### PROMPT
What is wanted is the full listing, word for word, without its pictures.
+ + + +
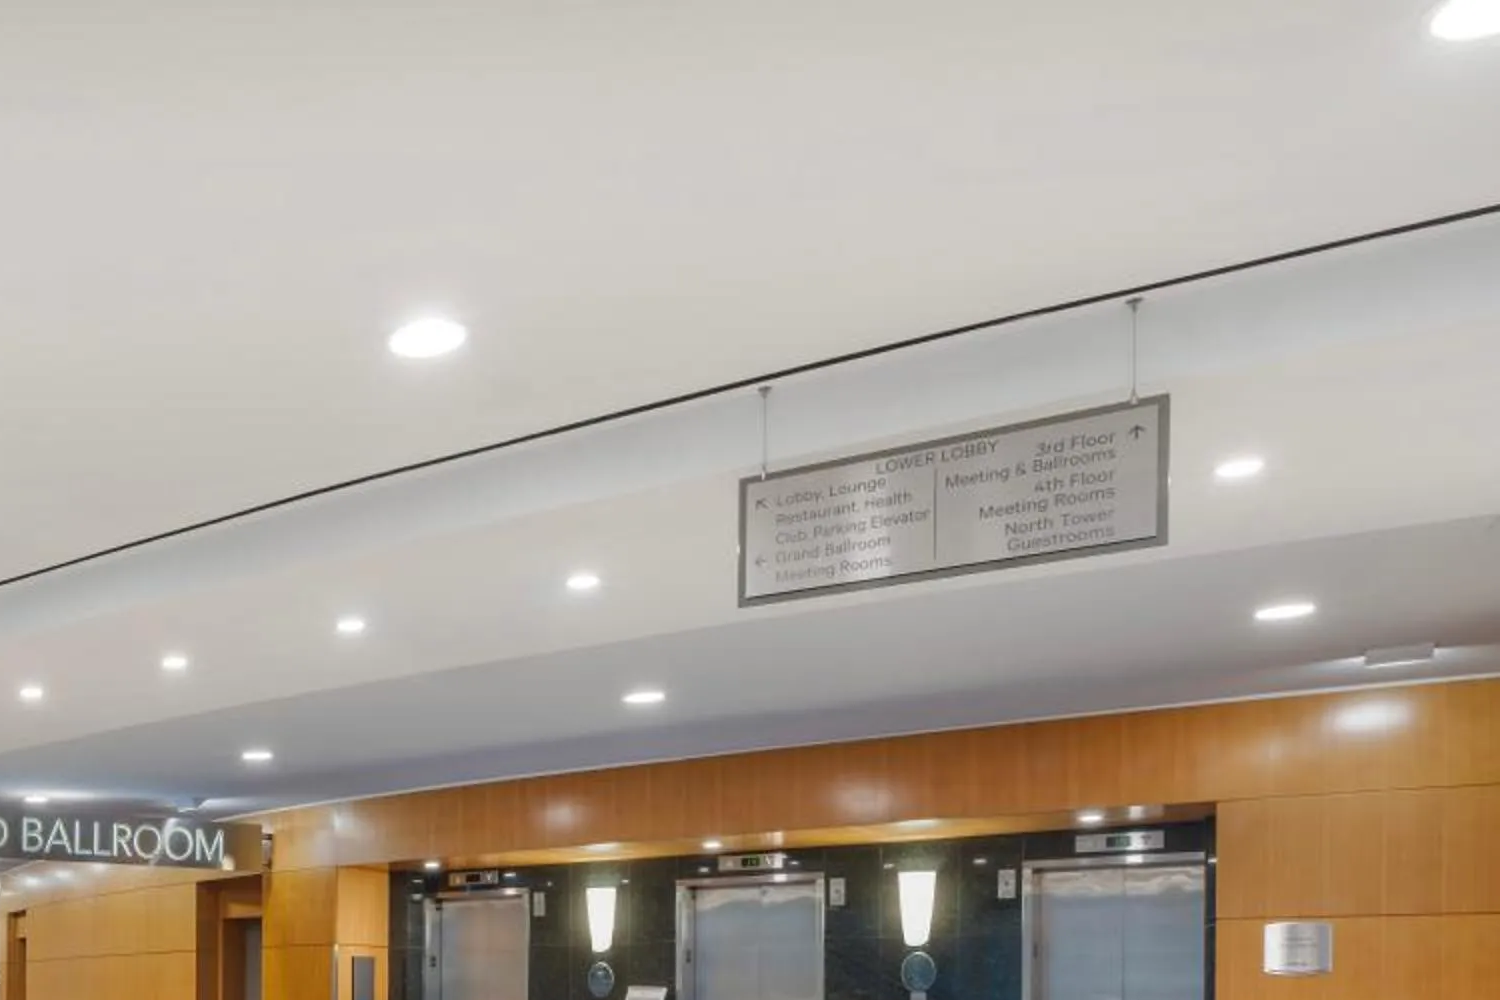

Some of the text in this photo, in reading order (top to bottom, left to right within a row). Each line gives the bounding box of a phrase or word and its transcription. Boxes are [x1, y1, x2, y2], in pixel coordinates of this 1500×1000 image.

[1070, 432, 1116, 451] Floor
[876, 440, 999, 475] LOWER LOBBY
[945, 448, 1117, 489] Meeting & Ballrooms
[829, 477, 886, 497] Lounge
[1034, 470, 1115, 493] 4th Floor
[864, 491, 913, 509] Health
[979, 487, 1117, 520] Meeting Rooms
[870, 508, 932, 530] Elevator
[1004, 509, 1115, 537] North Tower
[775, 536, 891, 564] Grand Ballroom
[1007, 526, 1116, 552] Guestrooms
[776, 556, 894, 582] Meeting Rooms
[21, 816, 226, 865] BALLROOM
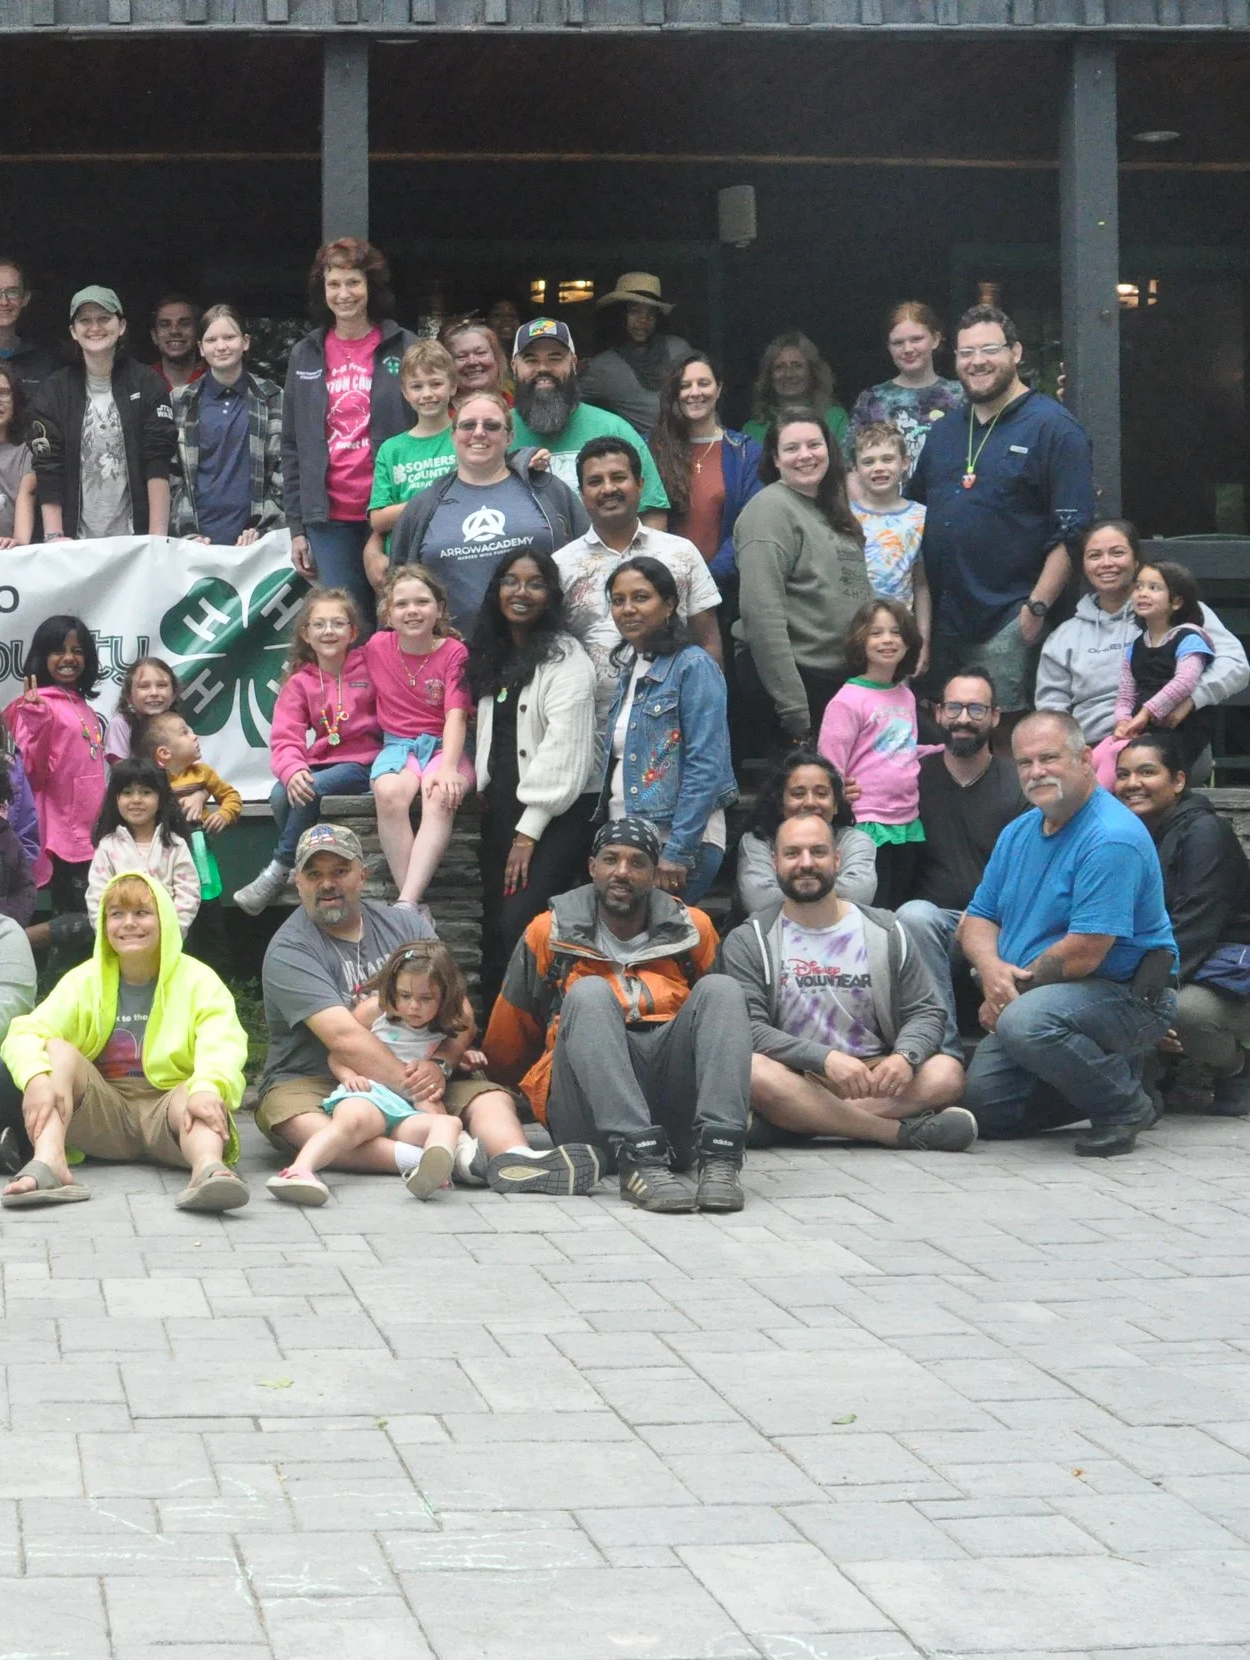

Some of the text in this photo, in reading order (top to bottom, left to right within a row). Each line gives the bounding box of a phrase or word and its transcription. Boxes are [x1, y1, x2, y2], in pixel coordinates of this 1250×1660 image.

[406, 454, 458, 473] SOMERS
[788, 958, 841, 977] Disney
[121, 1014, 131, 1022] to
[636, 1140, 657, 1148] adidas
[713, 1138, 734, 1147] adidas
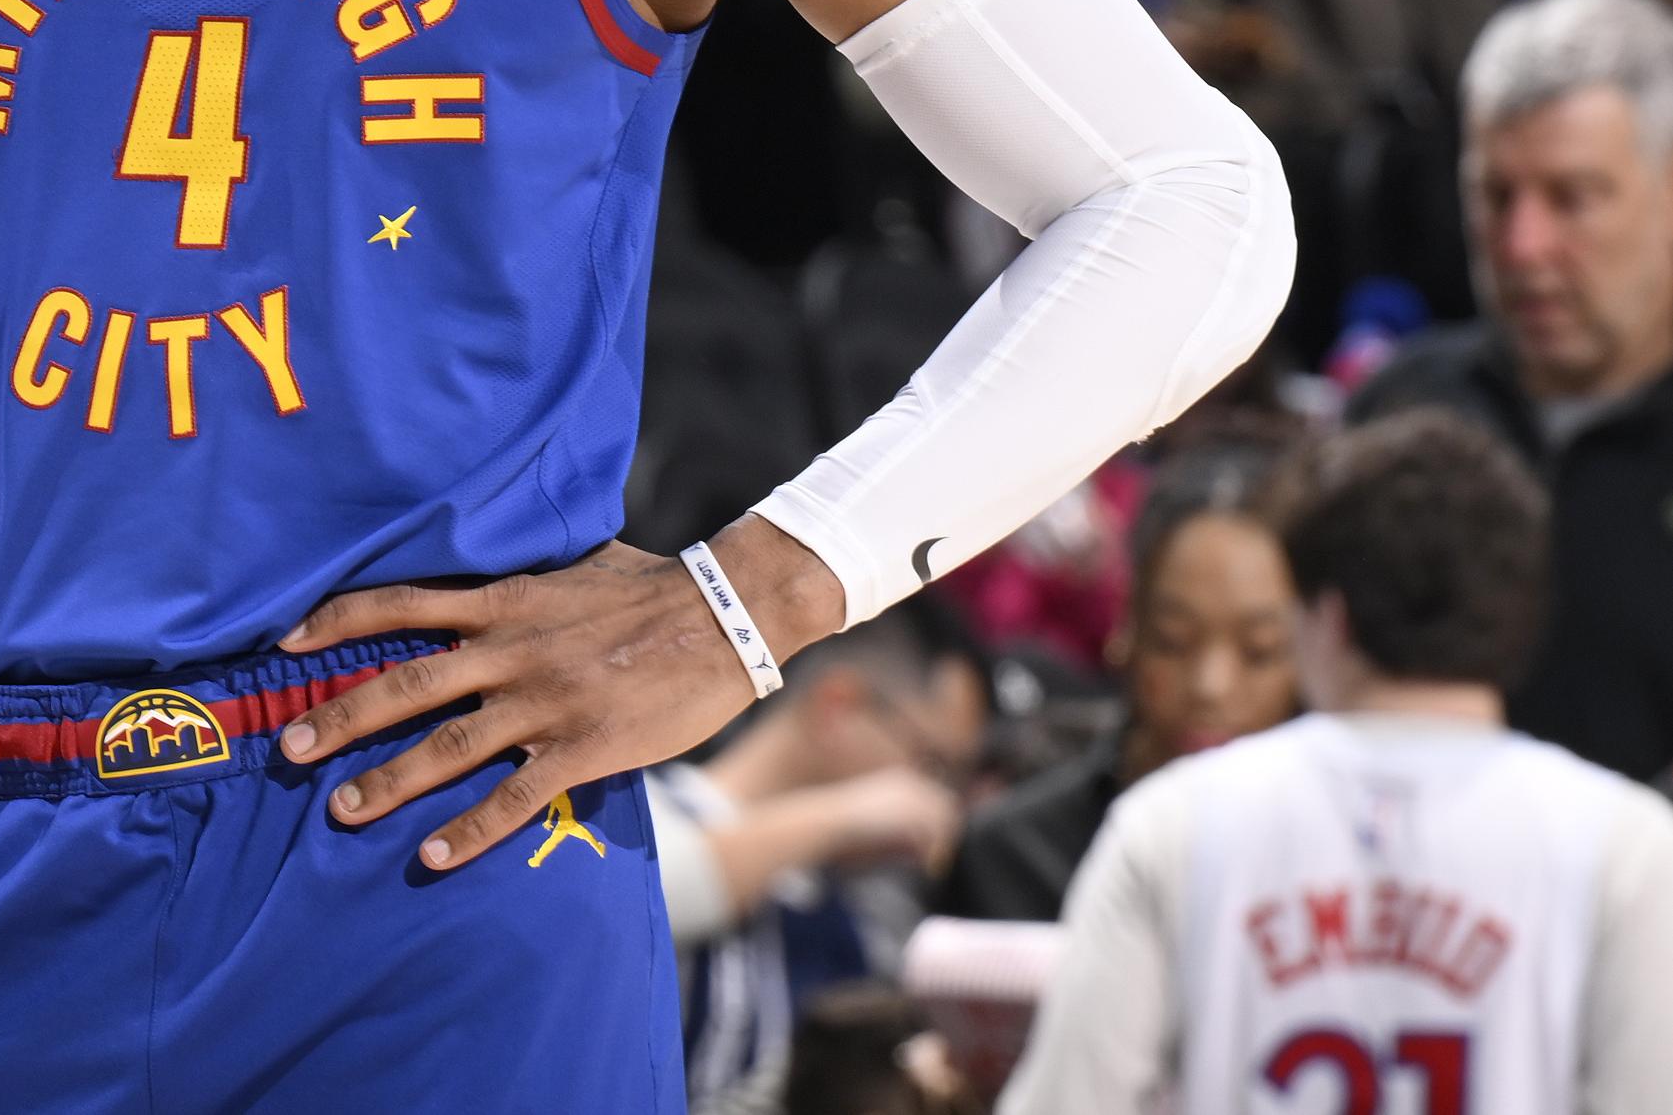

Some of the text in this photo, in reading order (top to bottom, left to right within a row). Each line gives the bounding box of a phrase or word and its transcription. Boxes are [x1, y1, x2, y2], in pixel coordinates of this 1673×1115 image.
+ + + +
### OUTPUT BELOW
Some of the text in this photo, in reading order (top to bottom, left to right within a row). Each line gives the bounding box of a phrase or word and its transcription. Boxes are [x1, y1, x2, y2], in pixel coordinates of this 1500×1000 image.

[1070, 432, 1116, 451] Floor
[876, 440, 999, 475] LOWER LOBBY
[945, 448, 1117, 489] Meeting & Ballrooms
[829, 477, 886, 497] Lounge
[1034, 470, 1115, 493] 4th Floor
[864, 491, 913, 509] Health
[979, 487, 1117, 520] Meeting Rooms
[870, 508, 932, 530] Elevator
[1004, 509, 1115, 537] North Tower
[775, 536, 891, 564] Grand Ballroom
[1007, 526, 1116, 552] Guestrooms
[776, 556, 894, 582] Meeting Rooms
[21, 816, 226, 865] BALLROOM

Some of the text in this photo, in reading order (top to bottom, left to right within a row). Each line gives the bounding box of a phrase or word and its transcription. Boxes are [x1, y1, x2, y2], in pixel coordinates of this 1250×1660 image.

[406, 454, 458, 473] SOMERS
[788, 958, 841, 977] Disney
[121, 1014, 131, 1022] to
[636, 1140, 657, 1148] adidas
[713, 1138, 734, 1147] adidas

Some of the text in this photo, in reading order (top to bottom, left to right within a row). Each line gives the bounding box of a phrase or word and its transcription. Boxes are [x1, y1, x2, y2], in pixel coordinates of this 1673×1115 image.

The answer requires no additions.